Chimeric antigen receptor (CAR) T-cell therapy has been successfully employed in blood tumors but not in solid tumors. The tumor microenvironment generated by myeloid-derived suppressor cells; regulatory T cells; immunosuppressive cytokines, such as interleukin (IL)-10 and transforming growth factor-β; and ligands for tumor-expressed T-cell inhibitory signaling receptors, such as PD-1 and CTLA-4, contribute to attenuated persistence and antitumor efficacy of CAR T cells in solid tumors14,15. The addition of checkpoint inhibitors has been applied to enhance CAR T cell efficacy16. It is shown that PD-L1 on tumor cells or on dendritic cells and macrophages in the tumor microenvironments exerts functionally significant suppressive effects on tumor immunity17,18,19.
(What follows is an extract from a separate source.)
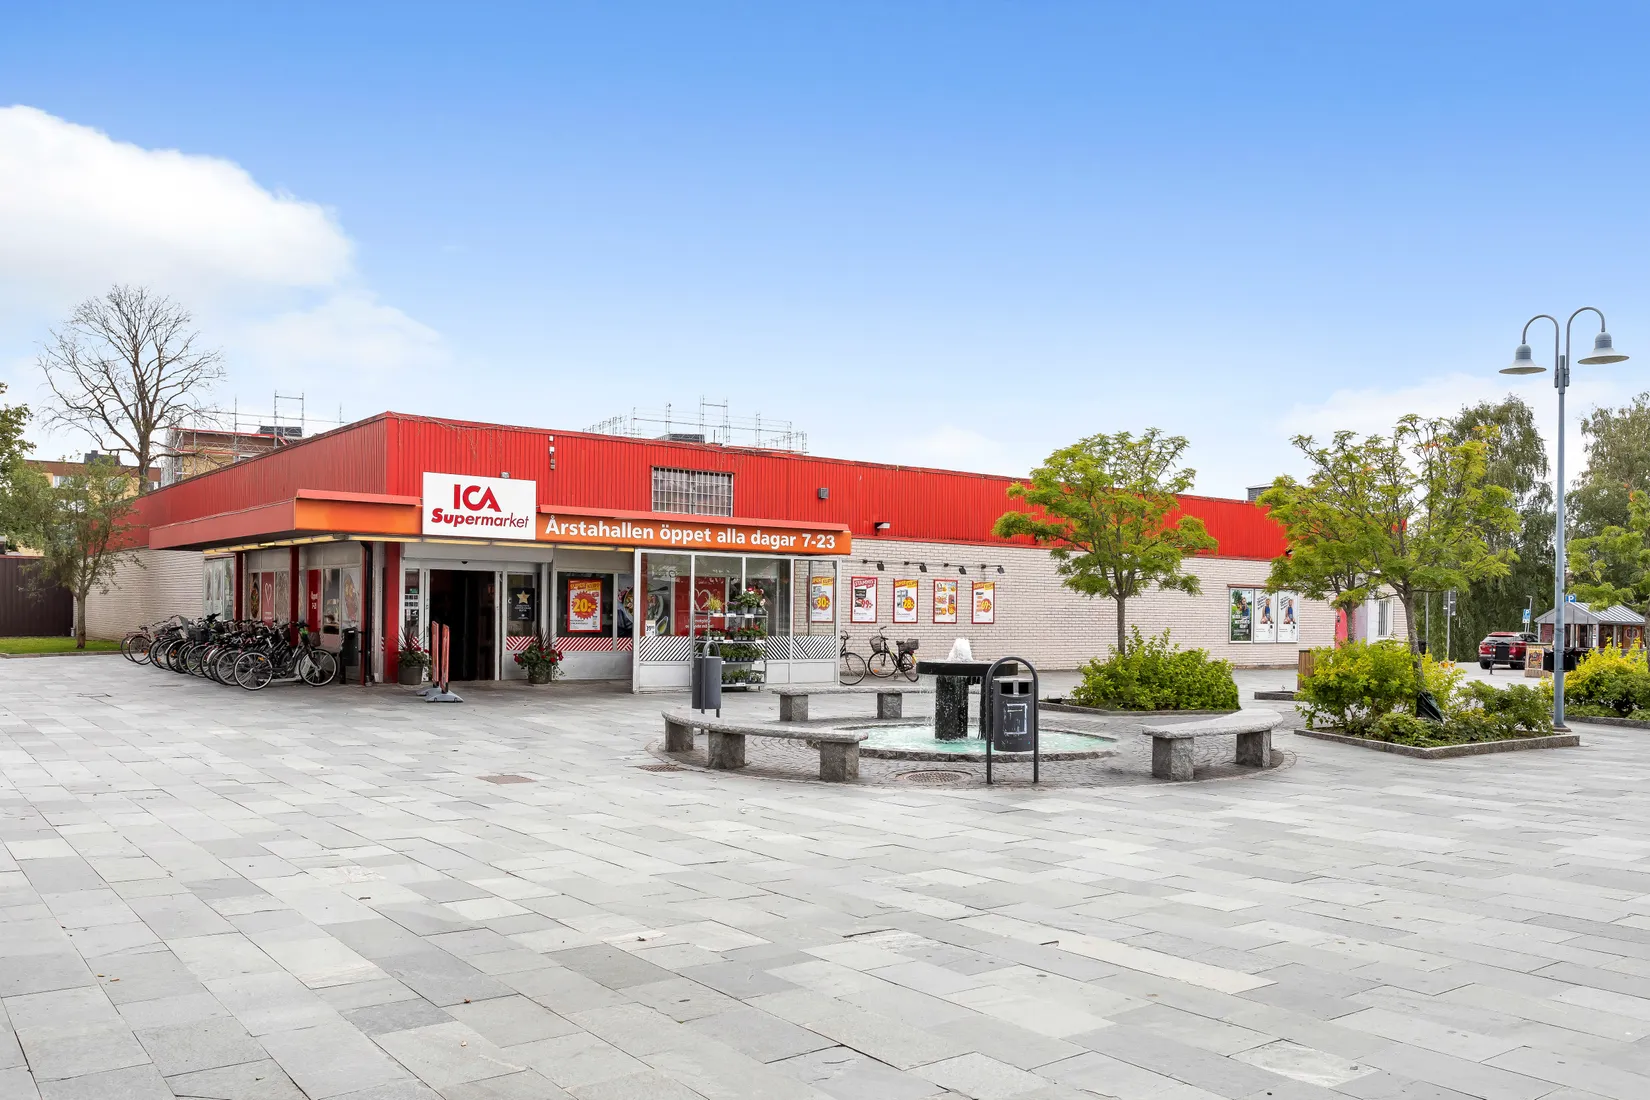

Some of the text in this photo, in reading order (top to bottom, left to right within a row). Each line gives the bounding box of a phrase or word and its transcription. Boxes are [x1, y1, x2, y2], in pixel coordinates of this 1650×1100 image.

[454, 484, 502, 512] ICA
[431, 508, 530, 529] Supermarket
[545, 515, 836, 550] Årstahallen öppet alla dagar 7-23
[573, 598, 596, 613] 20:-
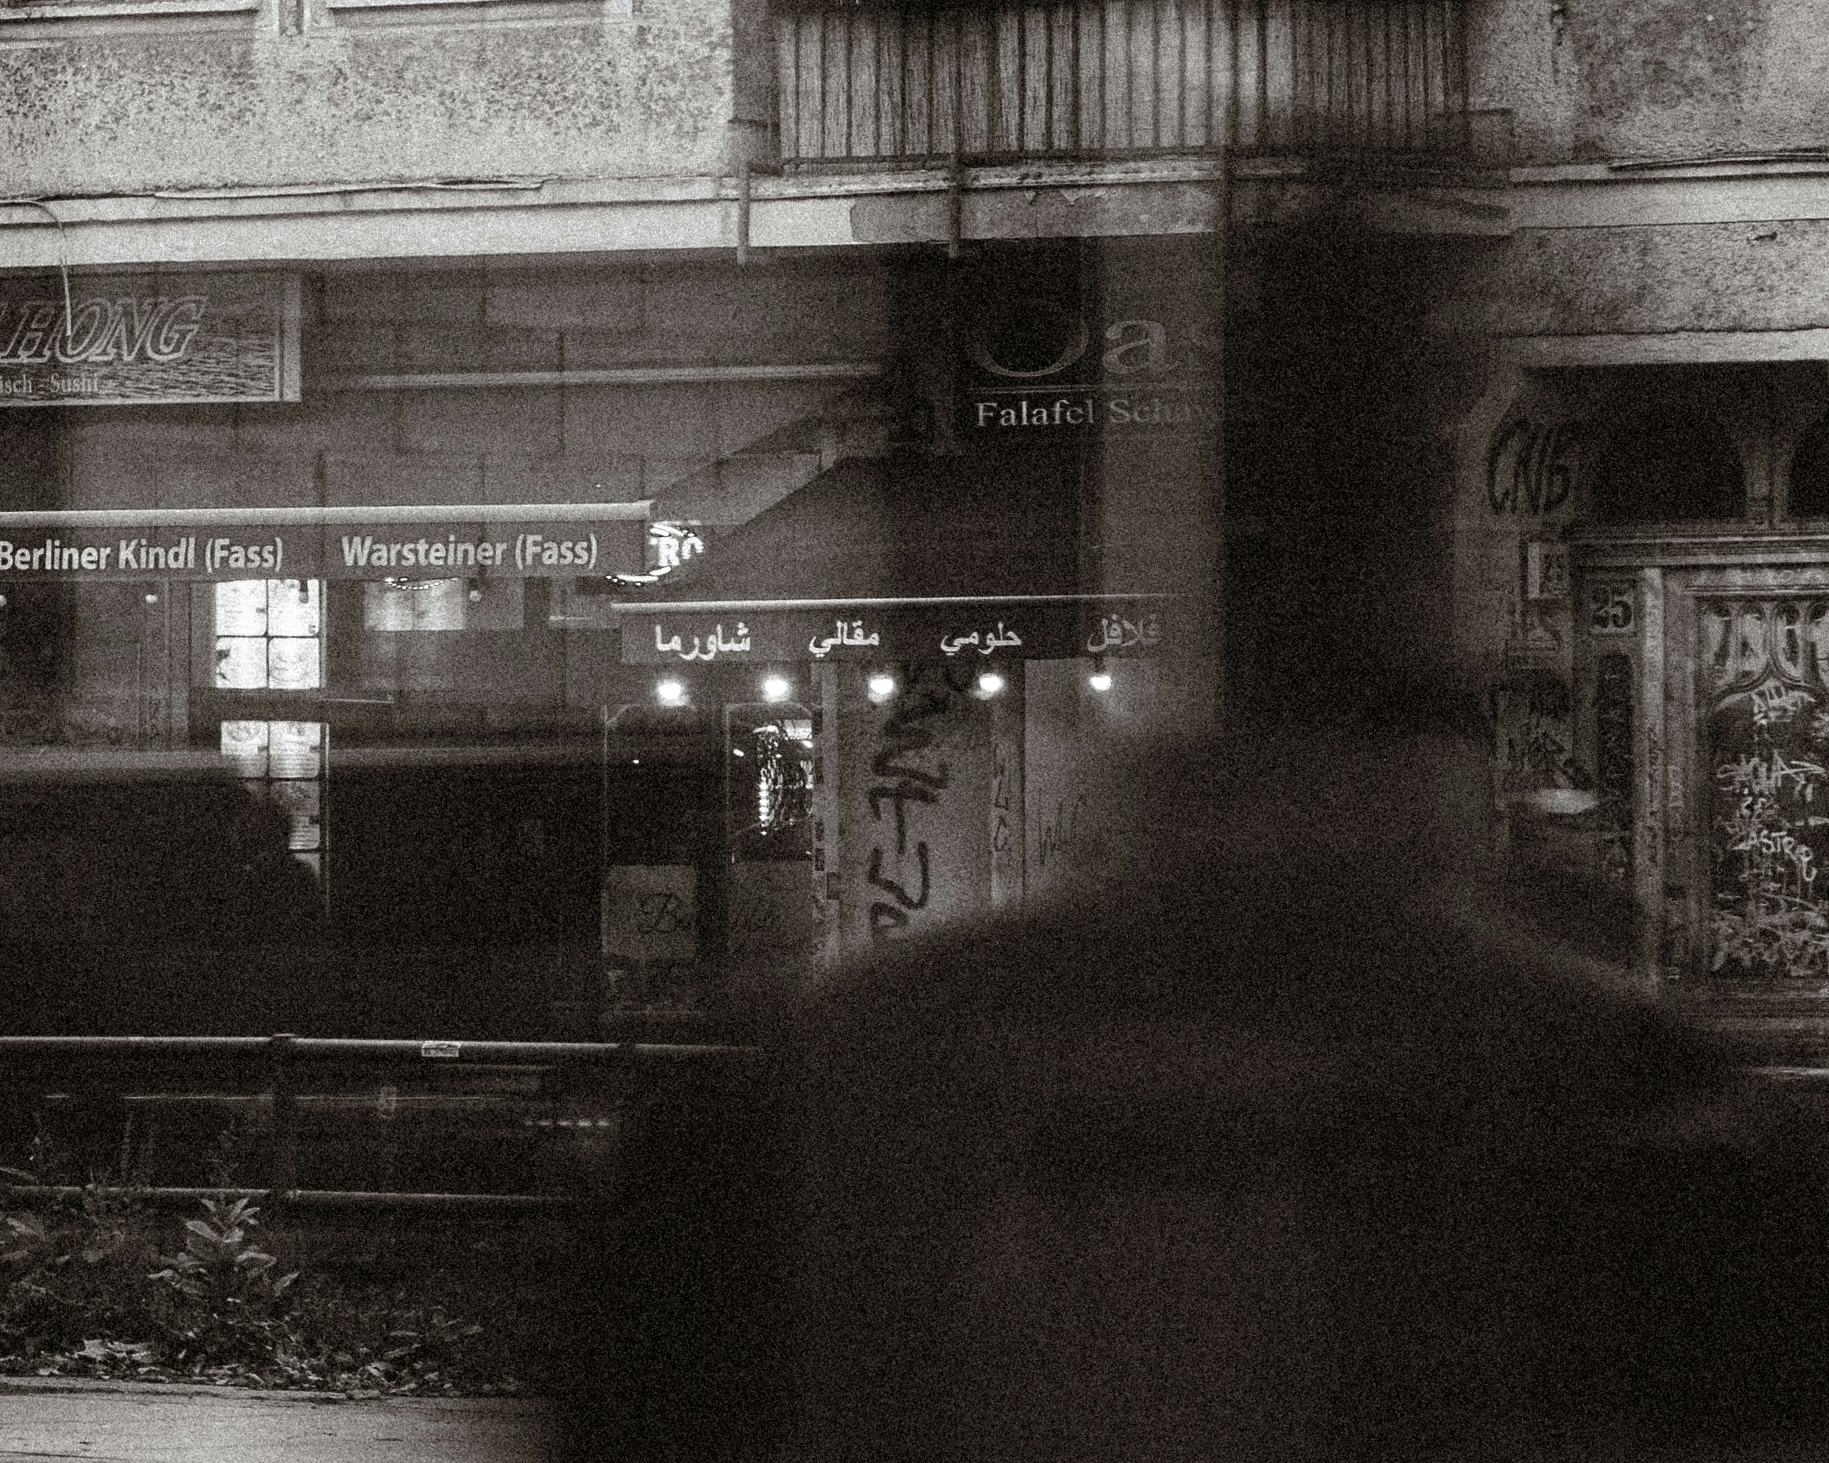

High expression of PD-L1 has been found in cancer cells of NSCLC patients, and CAR T cells that secrete the anti-PD-L1 antibody have demonstrated promising efficacy in humanized mouse models20,21,22. In this study, we demonstrated that PD-L1-CAR T cells have substantial antitumor activity in vitro and lead to prolonged remission for PD-L1high NSCLC xenograft tumors in mice. In addition, radiotherapy exhibited synergistic activity with PD-L1-CAR T cells, potentially by allowing the migration of CAR T cells to tumors generated from PD-L1low NSCLC cells. Our findings provide preclinical evidence to support PD-L1 targeting by CAR T cells to treat NSCLC and potentially other types of solid malignancies.

Material and methods

Cell lines and culture

Human NSCLC EGFR-wild type cell lines A549 and H1299, EGFR-mutant cell lines HCC827 (del E746-A750) and H1975 (L858R and T790M), and normal bronchial epithelial cell line (BEAS-2B) were purchased from ATCC (Manassas, VA). The NSCLC EGFR-mutant cell line PC9 (del E746–A750) was obtained as described previously23. These cell lines were maintained in RPMI-1640 (Gibco, Gaithersburg, MD) supplemented with 10% heat-inactivated fetal bovine serum (Gibco) and 1% (v/v) penicillin/streptomycin in a humidified incubator with 5% CO2 at 37 °C. All cells were transduced with firefly luciferase (Fluc) via lentiviral transduction, and blasticidin selection was utilized to set up stable luciferase-expressing cell lines.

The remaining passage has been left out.